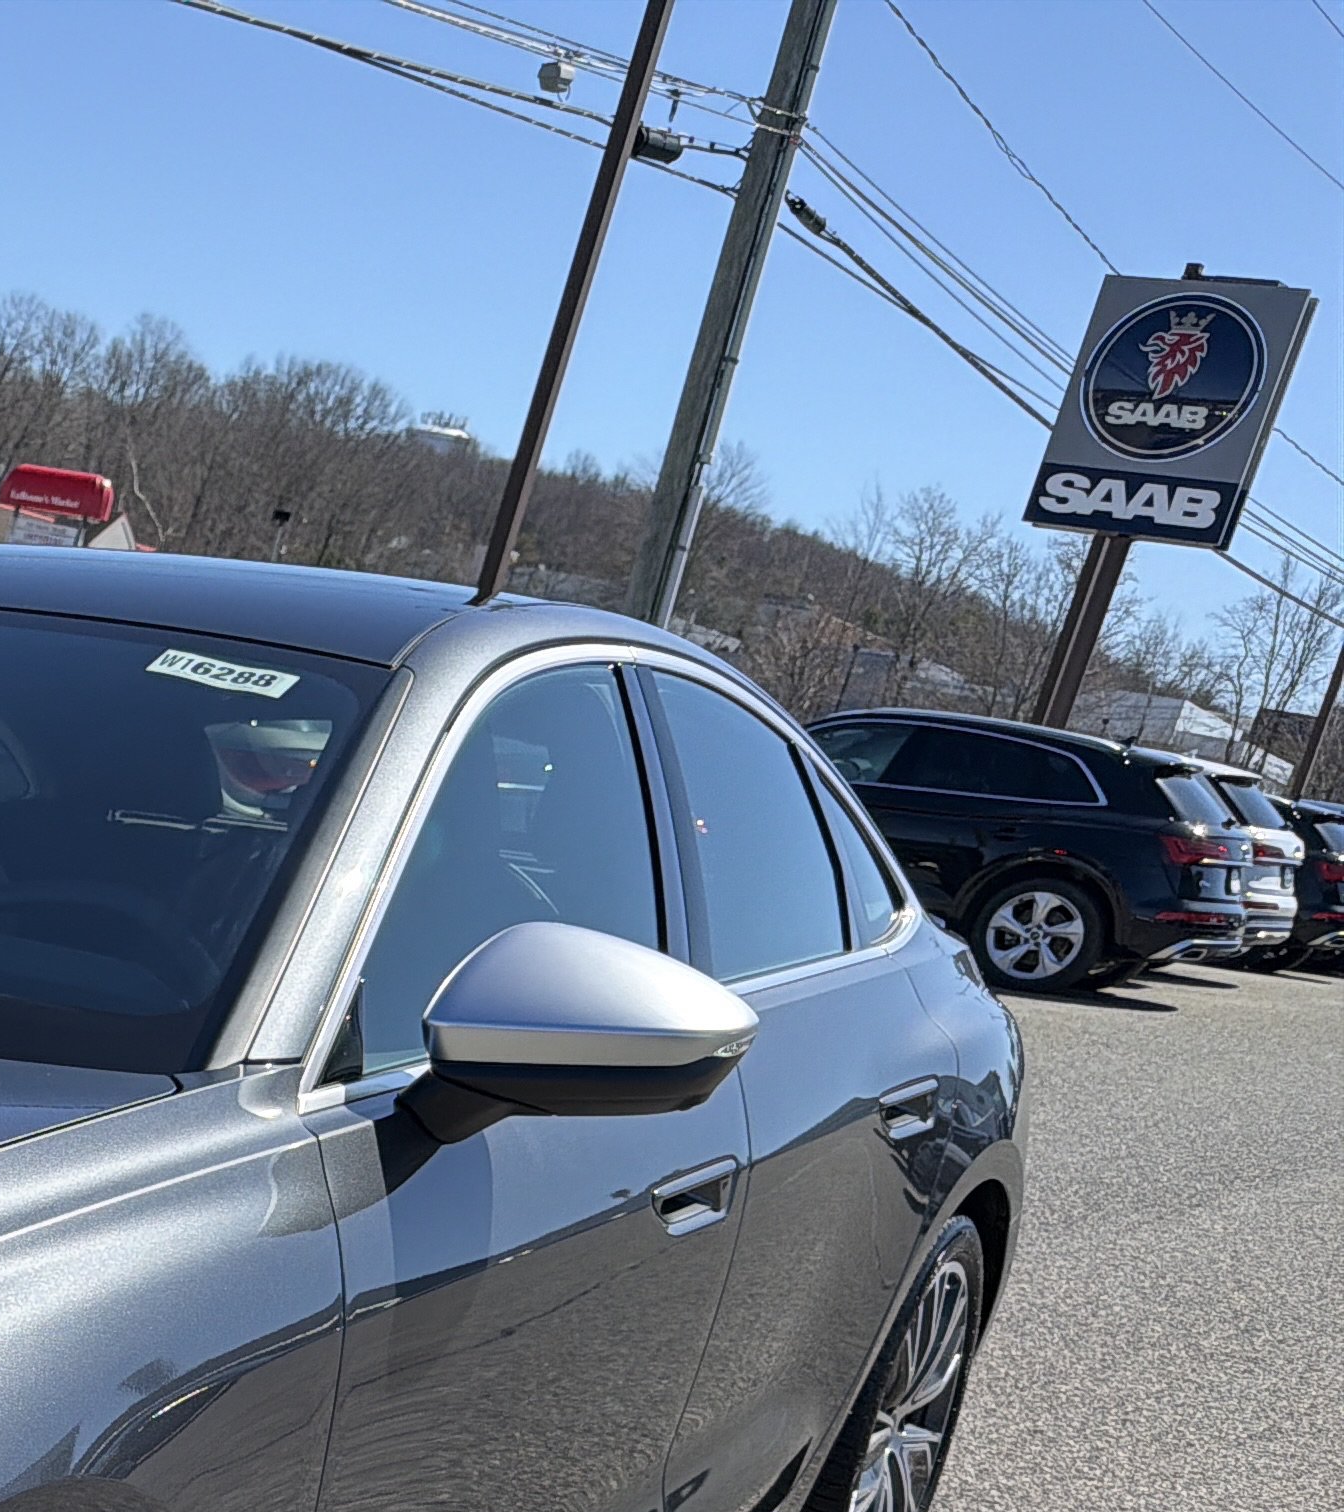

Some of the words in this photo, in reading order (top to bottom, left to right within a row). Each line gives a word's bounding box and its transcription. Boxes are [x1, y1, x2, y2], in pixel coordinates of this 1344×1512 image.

[1105, 400, 1209, 430] SAAB
[1038, 472, 1221, 529] SAAB
[161, 653, 279, 688] W16288
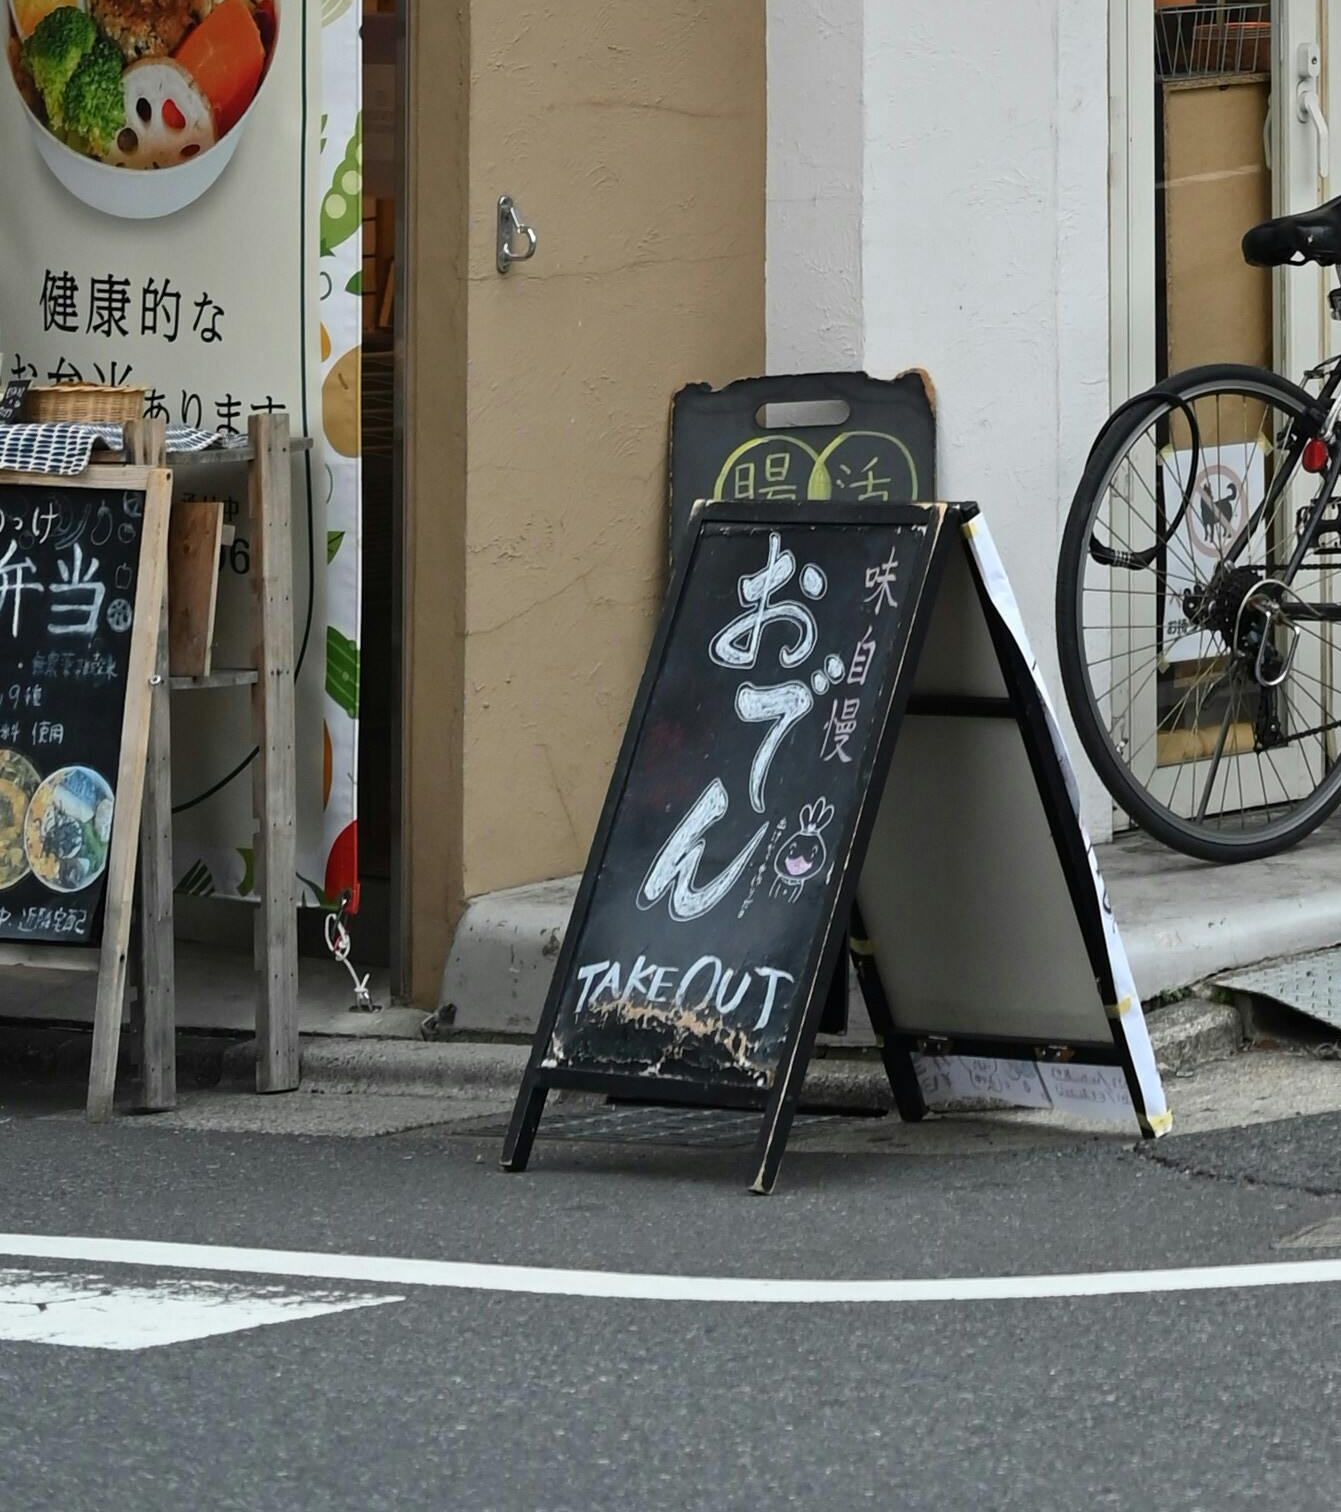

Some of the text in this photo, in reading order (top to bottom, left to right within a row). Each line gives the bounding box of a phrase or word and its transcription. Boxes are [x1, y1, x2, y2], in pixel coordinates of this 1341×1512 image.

[40, 269, 225, 343] 健康的な
[635, 530, 847, 921] おでん
[821, 545, 902, 764] 味自慢

+++

The expected output is the lines from the one holding "Some of the text" through the last line of the data, exactly as they appear, with nothing before or after.

RESPONSE:
Some of the text in this photo, in reading order (top to bottom, left to right within a row). Each line gives the bounding box of a phrase or word and its transcription. Boxes are [x1, y1, x2, y2], in pixel coordinates of this 1341×1512 image.

[40, 269, 225, 343] 健康的な
[635, 530, 847, 921] おでん
[821, 545, 902, 764] 味自慢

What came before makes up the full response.